BEGIN
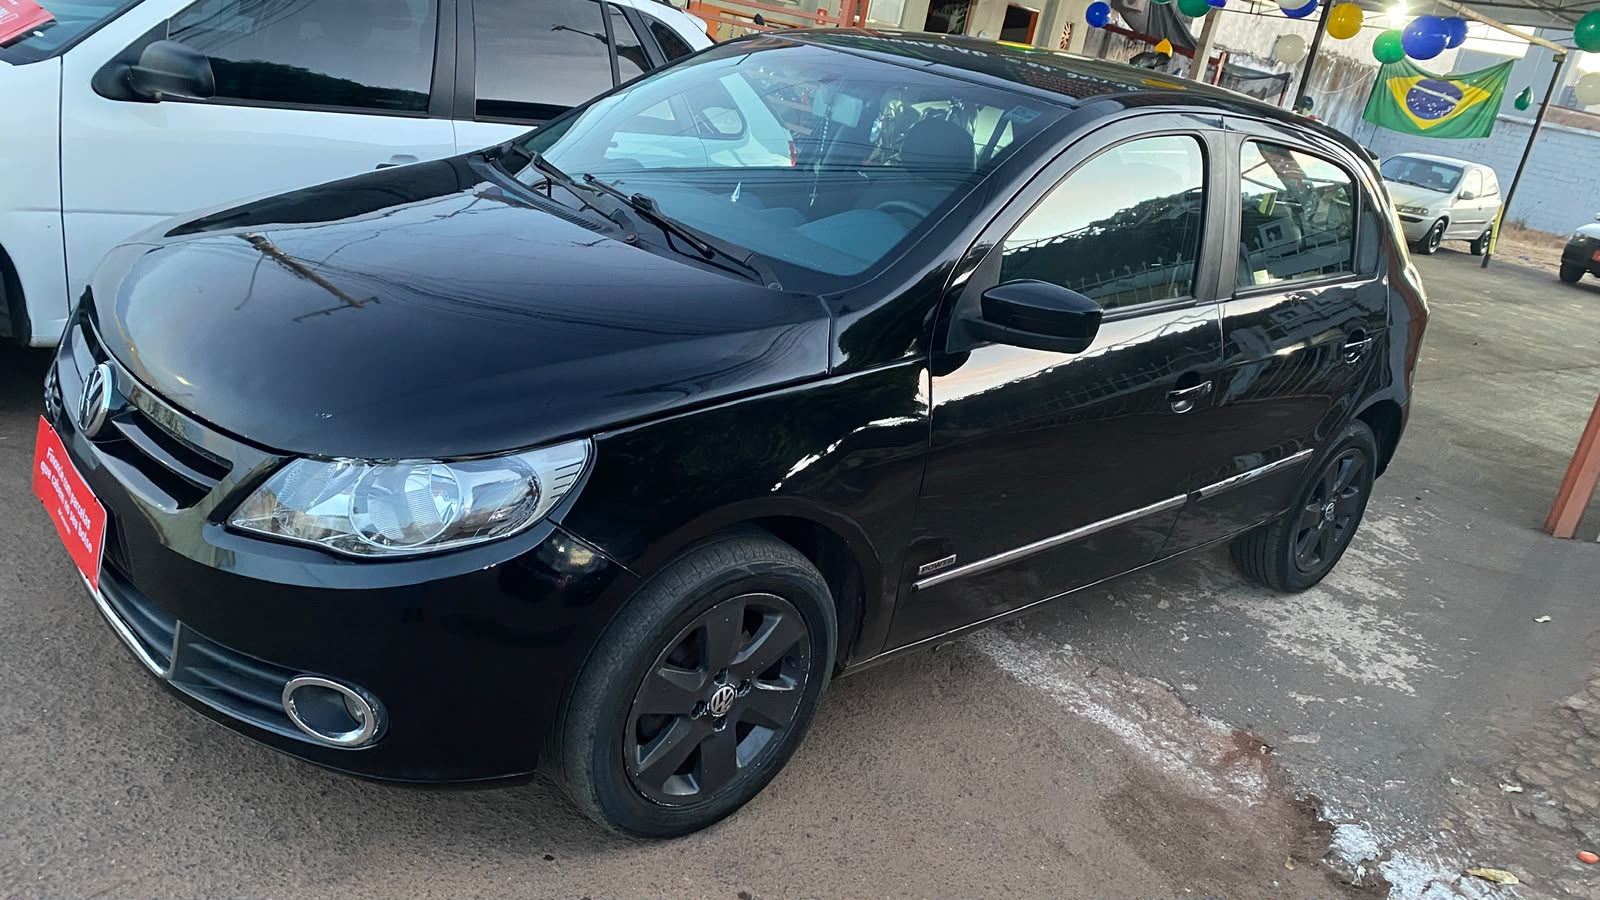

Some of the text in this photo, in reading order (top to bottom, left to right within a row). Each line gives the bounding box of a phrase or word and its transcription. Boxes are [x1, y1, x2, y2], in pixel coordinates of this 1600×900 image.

[40, 461, 51, 480] que
[70, 510, 78, 531] seu
[78, 521, 93, 553] bolso
[70, 492, 91, 531] parcelas
[921, 557, 955, 573] POWER
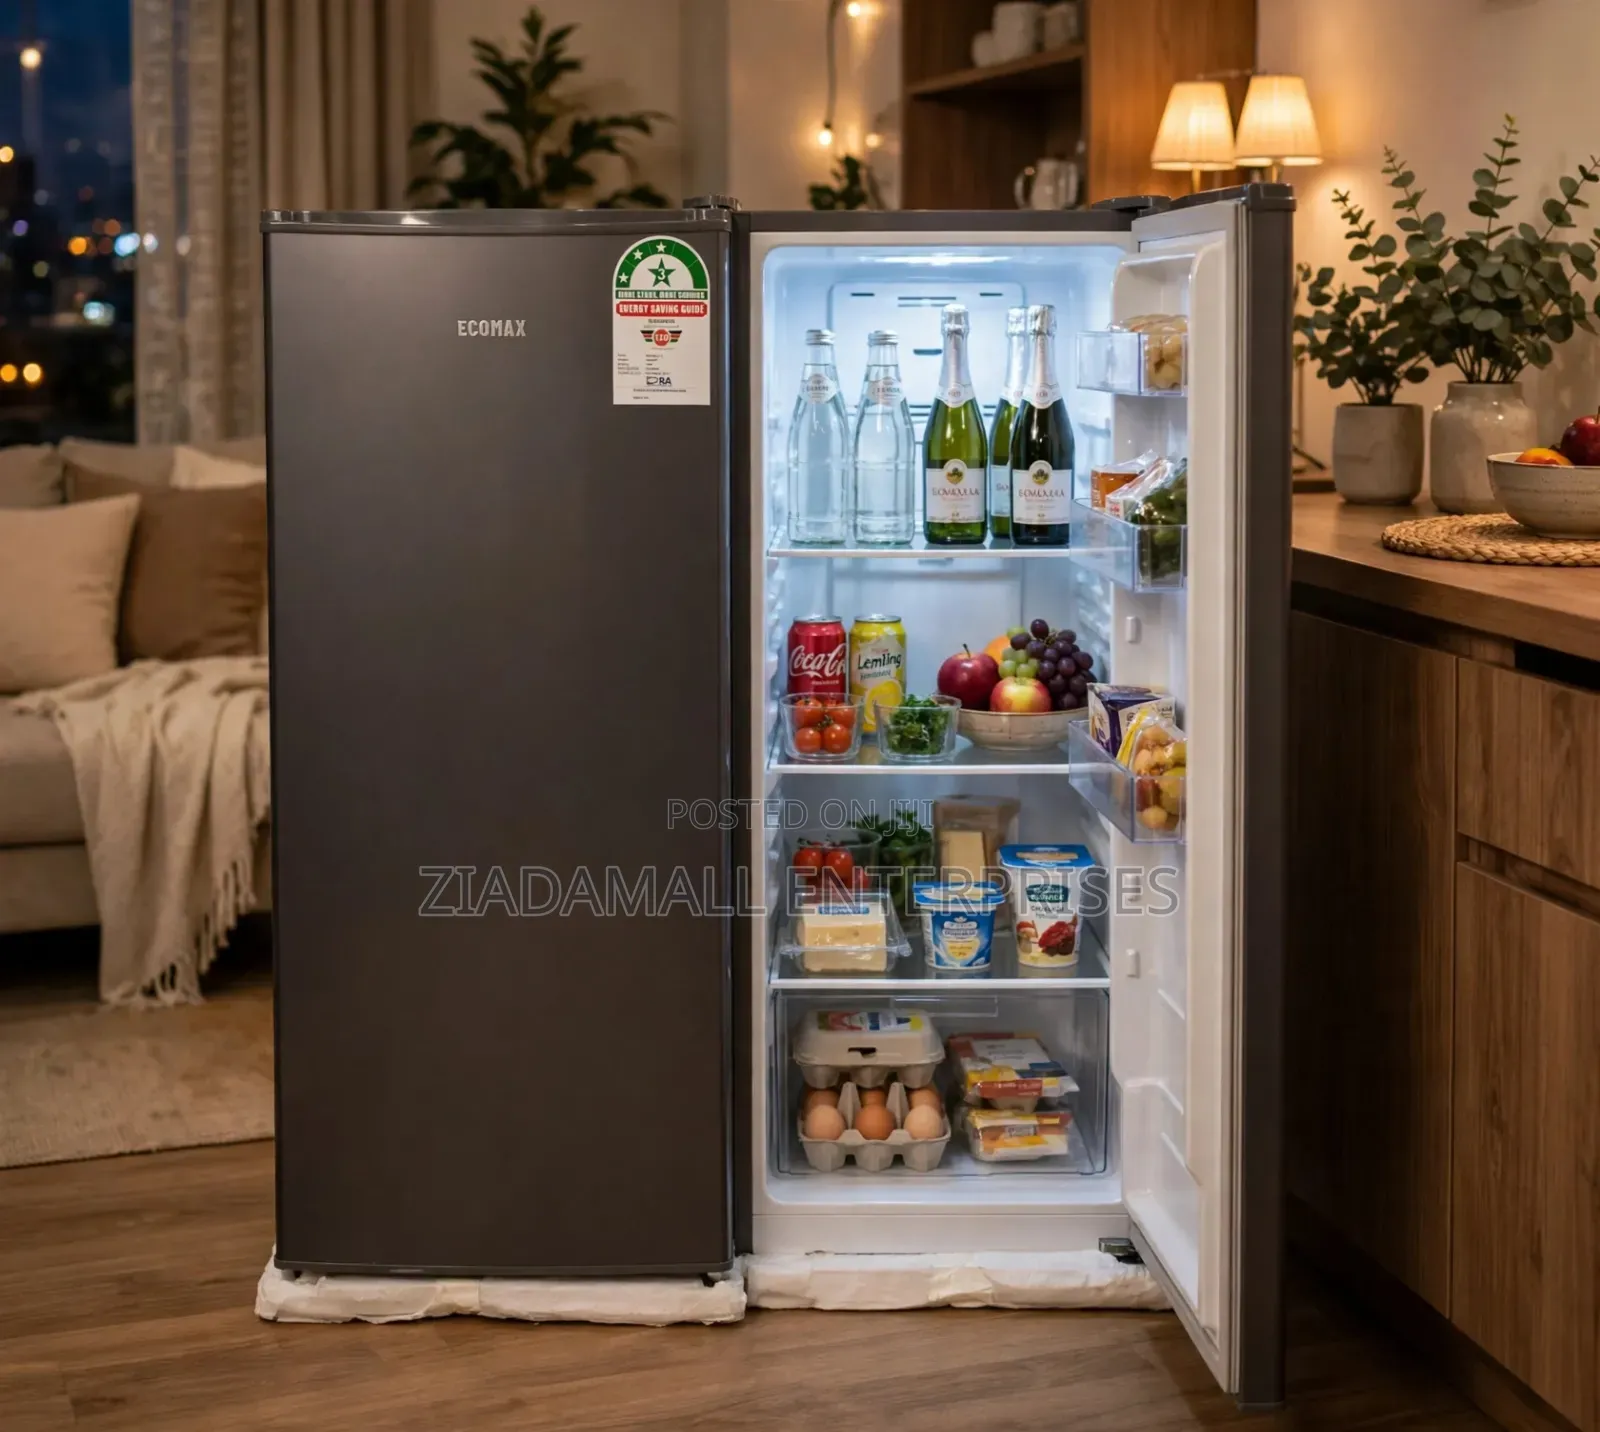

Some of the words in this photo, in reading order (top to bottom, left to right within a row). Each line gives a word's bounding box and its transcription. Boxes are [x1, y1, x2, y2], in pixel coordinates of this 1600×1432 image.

[657, 268, 666, 281] 3
[681, 303, 705, 314] GUIDE
[457, 319, 527, 337] ECOMAX
END
Activity => Keep the pictures out, and write out the rest of the data above word for word.

Output for this exercise =>
Some of the text in this photo, in reading order (top to bottom, left to right within a row). Each line gives the bounding box of a phrase or word and its transcription. Boxes are [x1, y1, x2, y2], in pixel coordinates of this 1600×900 image.

[40, 461, 51, 480] que
[70, 510, 78, 531] seu
[78, 521, 93, 553] bolso
[70, 492, 91, 531] parcelas
[921, 557, 955, 573] POWER

Some of the words in this photo, in reading order (top to bottom, left to right within a row). Each line gives a word's bounding box and its transcription. Boxes are [x1, y1, x2, y2], in pixel coordinates of this 1600×1432 image.

[657, 268, 666, 281] 3
[681, 303, 705, 314] GUIDE
[457, 319, 527, 337] ECOMAX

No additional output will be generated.